To seamlessly use the code in the text, create an R project (for more information, see “Workflow: scripts and projects” in R for Data Science (H. Wickham, Çetinkaya-Rundel, and Grolemund 2017), and a folder called “Data” in the same location as your R project. In that folder, place the file Functions_rmph.R provided with this text, as well as the teaching datasets used in this text.

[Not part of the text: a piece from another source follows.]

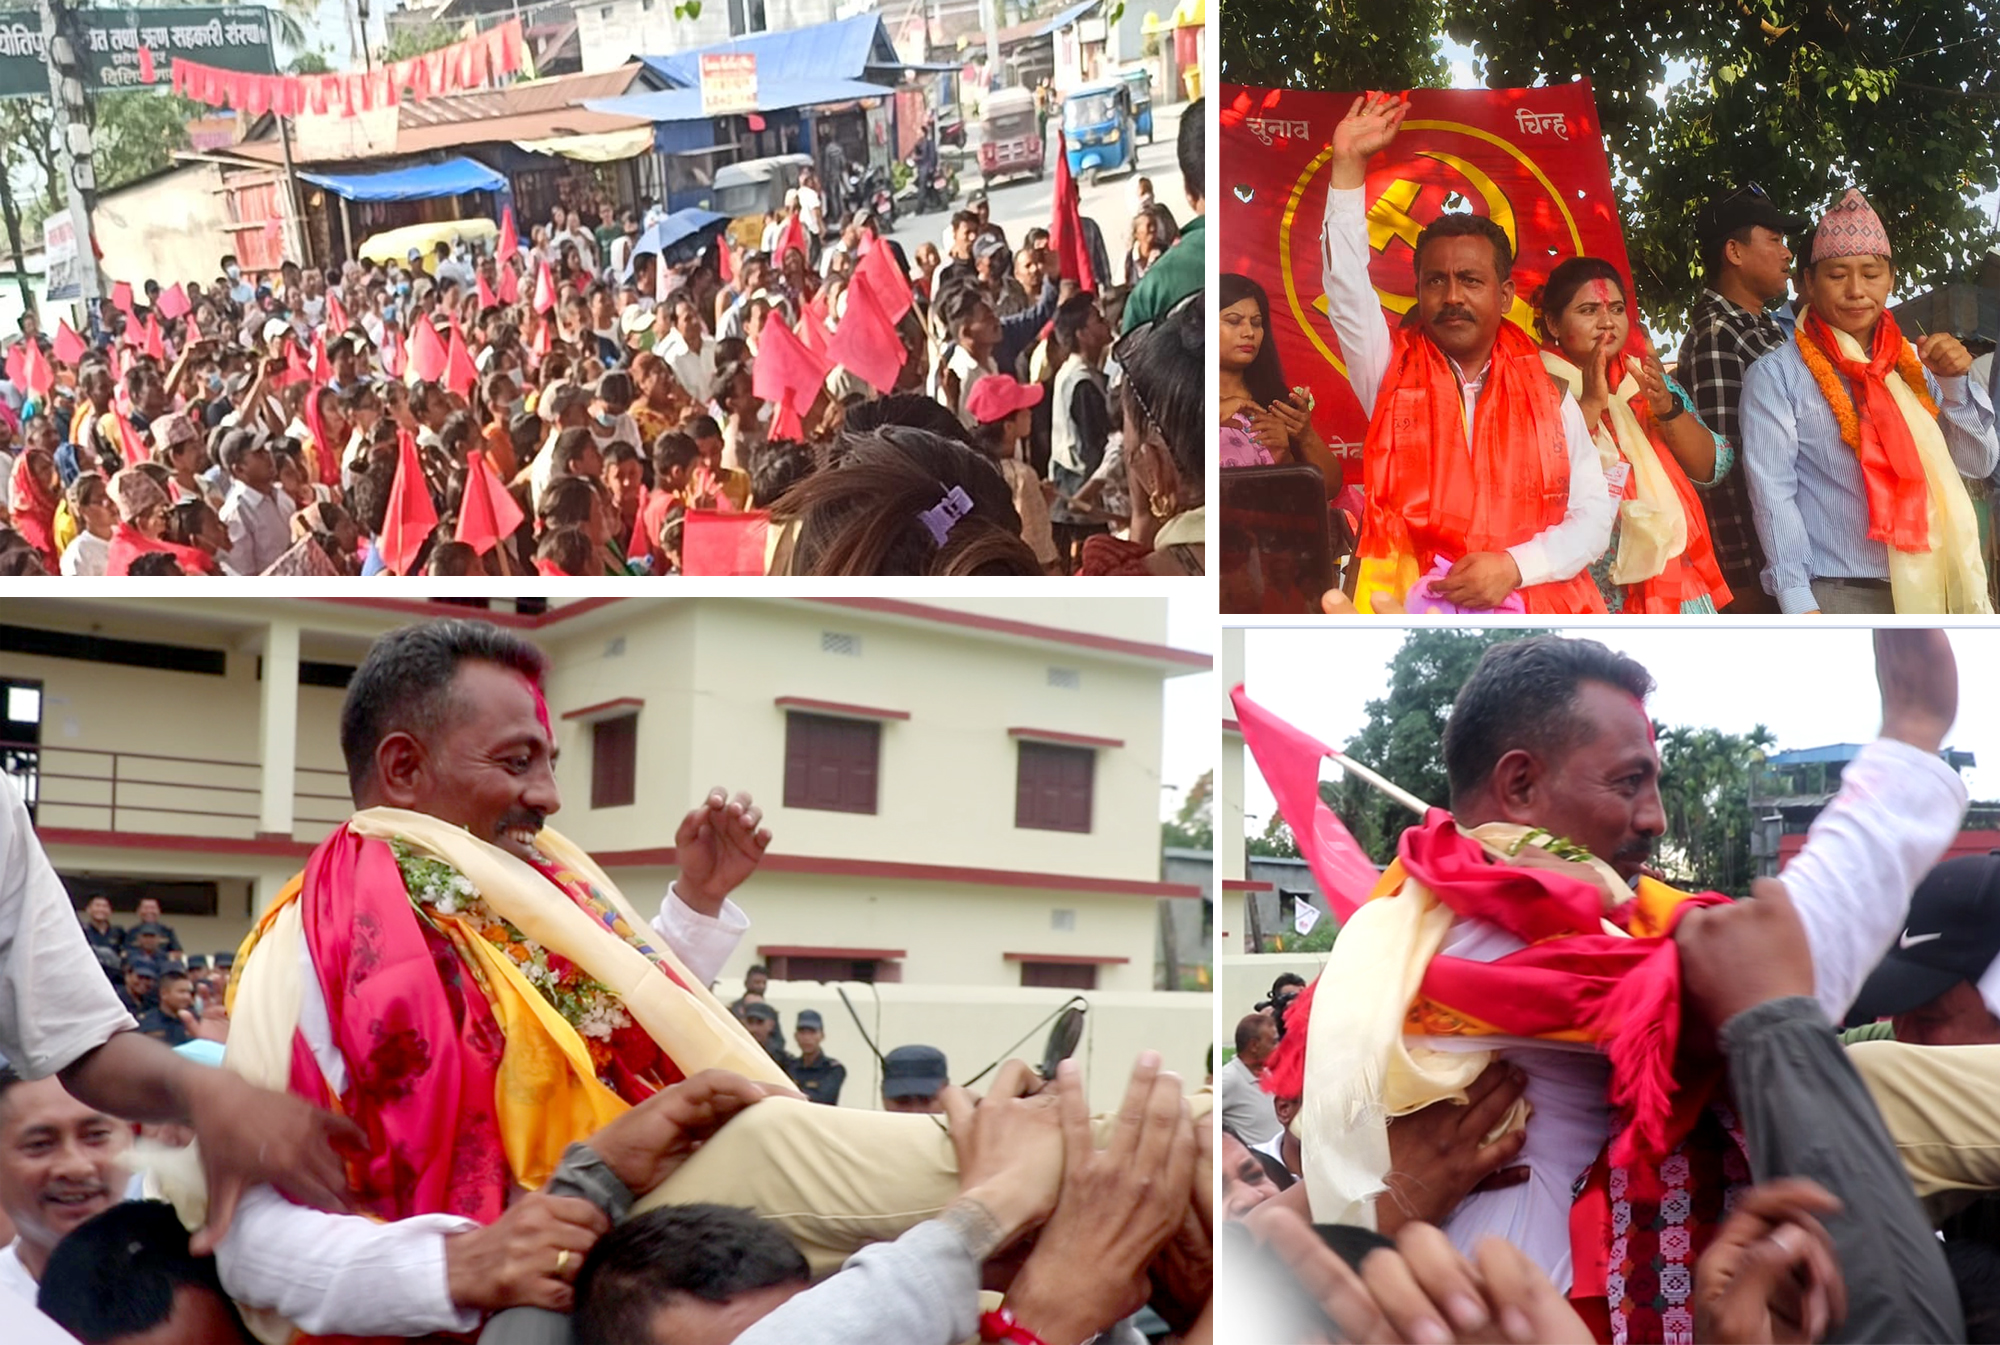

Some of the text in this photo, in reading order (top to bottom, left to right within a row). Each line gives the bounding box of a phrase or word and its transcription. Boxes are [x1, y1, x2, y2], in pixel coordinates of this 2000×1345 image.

[109, 28, 138, 50] तथा
[169, 18, 223, 49] सहकारी
[1245, 108, 1569, 146] चुनाव चिन्ह

Below is a list of the teaching datasets used in this text. Descriptions, including instructions for downloading and processing create these datasets can be found in Appendix A.

  • NHANES (2017-2018)
  • United Nations Human Development Data (2020)
  • U.S. Natality (2018)
  • COVID-19 county-level data
  • NSDUH (2019)
  • Framingham Heart Study (BioLINCC teaching dataset)
  • CAMP (BioLINCC teaching dataset)
  • Digitalis (BioLINCC teaching dataset)
  • Opioid

NOTE: The datasets are meant for teaching, not research. The analyses herein are meant solely as teaching examples illustrating the use of regression methods using R. Results found in this text, and datasets provided with this text, should not be used to draw conclusions about any conditions or relationships between variables.


Wickham, H., M. Çetinkaya-Rundel, and G. Grolemund. 2017. R for Data Science: Import, Tidy, Transform, Visualize, and Model Data. 2nd ed. Sebastopol, CA: O’Reilly Media.